With significantly more stock in London’s high end market it is becoming much more of a buyers’ market.

City Quays has seen that there are currently 1,968 properties on the market priced at £2 million and above in the Capital, while throughout the whole of last year 1,657 properties in this price bracket sold and just four years ago that figure was significantly less at 1,096. Meaning there are way more properties than buyers making the buyers able to be more picky and get better deals.

Starting to make more of a buyers’ market for the first time in a long time, especially in the premium high-end of the market at £10 million plus. It is becoming usual for there to be a large variety to choose from in this very top end price bracket which shows that it is slowing down and buyers have more of a selection and consequently more bargaining power.

Also as ever the political climate can have a great effect on the state of the market and with the current political situation in Ukraine, if there is then sanctions against Russia meaning that certain Russians might be exiled from the UK, this could generate even more supply on the super prime end.

Many top-level developers are now struggling to find buyers for their trophy mansions, and have to become more realistic with their asking prices. Peter To thinks we could see significant price drops at the super prime end of the market. We have seen the one house in Mayfair has already had a very sharp decrease in value from £120 million down to £95 million.

The advice being given to buyers looking for properties above £10 million is to take their time and take advantage of the current market situation. Buyers can get great deals when there is an air of nervousness in the market and right now there is. At times like these agents can push hard to negotiate the best deals for their clients.
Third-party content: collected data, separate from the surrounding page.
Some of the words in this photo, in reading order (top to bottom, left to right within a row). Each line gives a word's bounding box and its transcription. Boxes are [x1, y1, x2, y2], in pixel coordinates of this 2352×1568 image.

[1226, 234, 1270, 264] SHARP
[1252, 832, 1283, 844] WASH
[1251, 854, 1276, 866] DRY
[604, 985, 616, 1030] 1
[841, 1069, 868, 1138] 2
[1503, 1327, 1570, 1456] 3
Again politics has its part to play and the looming general election is a concern for both buyers and sellers, the significant rises in London property prices are also causing some buyers across all price ranges to hesitate and question whether it is the right time to purchase.

In City Quays experience it is impossible to perfectly time the market. Clients who decided to wait inevitably ended up regretting it. It depends on the clients reasons for buying and to what advice we offer them.

For those looking to buy a home, it’s much more about finding the right property for them, which will take time, than it is about getting the best bargain and price, because even if the market does drop 5% or more in the next year, in the context of the entire time they will probably own the property, short terms fluctuations usually have minimal impact at the end of a 10 year hold period or more.

On the other hand for those looking to invest, it makes sense to only buy if the right deal can be found and this can be in any market, rising or falling. If you get the right combination of a good property that can be bought at prices that make sense, then it is worth going for. Buying an investment property in London shouldn’t be short-term. Clients need to have a realistic view of how long they will need to hold onto to the property before selling it and making a significant return.